2年目のJ1を戦う来季、モンテディオ山形が現場の人件費を大幅アップする。J1山形の海保宣生理事長(68)が25日、今季約5億円だった人件費を、7億円にする考えを口にした。ただし増額が実現しても、経営難に陥っている大分を反面教師とし、戦力もクラブ予算も着実に積み重ねながら、強固なチーム作りにまい進する。

 下部組織を含めた現場の人件費に関し、海保理事長は「2億円アップ」を目標に掲げた。実質的な仕事納めとなったこの日、同理事長は「協賛企業を回ってると、うちがお金がないのを知ってるから『よくJ1に残ったね』と言われる。来季への支援をお願いすると、反応が悪くない」と語った。
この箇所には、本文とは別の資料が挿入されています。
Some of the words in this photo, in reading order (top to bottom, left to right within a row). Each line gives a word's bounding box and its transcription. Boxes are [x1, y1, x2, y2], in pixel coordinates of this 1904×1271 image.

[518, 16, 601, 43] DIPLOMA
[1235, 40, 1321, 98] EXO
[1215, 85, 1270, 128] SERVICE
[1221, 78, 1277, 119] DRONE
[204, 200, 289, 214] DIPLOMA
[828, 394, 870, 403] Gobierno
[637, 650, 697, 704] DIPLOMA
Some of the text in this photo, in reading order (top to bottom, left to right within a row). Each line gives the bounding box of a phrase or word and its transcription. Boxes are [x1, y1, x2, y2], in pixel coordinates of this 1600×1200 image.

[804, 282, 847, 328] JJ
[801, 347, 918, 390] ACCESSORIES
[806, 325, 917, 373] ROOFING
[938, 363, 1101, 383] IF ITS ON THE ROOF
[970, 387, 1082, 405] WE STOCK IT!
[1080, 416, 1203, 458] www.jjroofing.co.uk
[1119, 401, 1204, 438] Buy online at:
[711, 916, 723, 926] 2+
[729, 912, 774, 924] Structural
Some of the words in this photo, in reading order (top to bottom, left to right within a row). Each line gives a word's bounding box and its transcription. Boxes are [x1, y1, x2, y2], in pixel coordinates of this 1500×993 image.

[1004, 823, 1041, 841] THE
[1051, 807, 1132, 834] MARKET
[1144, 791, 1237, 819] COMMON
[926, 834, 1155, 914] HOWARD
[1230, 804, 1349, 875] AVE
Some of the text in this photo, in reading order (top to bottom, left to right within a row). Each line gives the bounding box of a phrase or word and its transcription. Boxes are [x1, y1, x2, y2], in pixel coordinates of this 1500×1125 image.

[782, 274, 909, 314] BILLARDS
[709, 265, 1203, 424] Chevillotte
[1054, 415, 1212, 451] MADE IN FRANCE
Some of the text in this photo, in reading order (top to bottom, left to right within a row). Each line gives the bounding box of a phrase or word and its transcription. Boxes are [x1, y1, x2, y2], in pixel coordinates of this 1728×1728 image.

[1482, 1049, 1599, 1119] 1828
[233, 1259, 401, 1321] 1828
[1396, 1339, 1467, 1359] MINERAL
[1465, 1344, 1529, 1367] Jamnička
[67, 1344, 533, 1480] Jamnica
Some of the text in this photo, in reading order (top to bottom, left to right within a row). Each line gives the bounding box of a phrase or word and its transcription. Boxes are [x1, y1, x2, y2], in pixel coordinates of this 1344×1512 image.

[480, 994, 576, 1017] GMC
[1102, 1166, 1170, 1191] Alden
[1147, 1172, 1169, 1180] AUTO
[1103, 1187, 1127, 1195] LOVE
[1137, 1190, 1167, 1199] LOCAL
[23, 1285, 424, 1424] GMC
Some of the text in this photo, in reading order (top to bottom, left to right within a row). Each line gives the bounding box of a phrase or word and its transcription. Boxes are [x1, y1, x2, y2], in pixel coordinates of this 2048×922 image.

 目標達成の見込みは、十分にある。Jリーグの分配金は前年度のカテゴリーで配分が決まるため、来季はJ1の分配金2億円以上が入る(昨季はJ2のため、今季は約1億円)。さらに「市町村応援デー」と銘打ち当該住民が半額で観戦できたサービスを「仙台や新潟、浦和戦には充てない考えもある」(同理事長)という。ドル箱カードで稼いだ分は、選手強化につながることへの理解を求めた。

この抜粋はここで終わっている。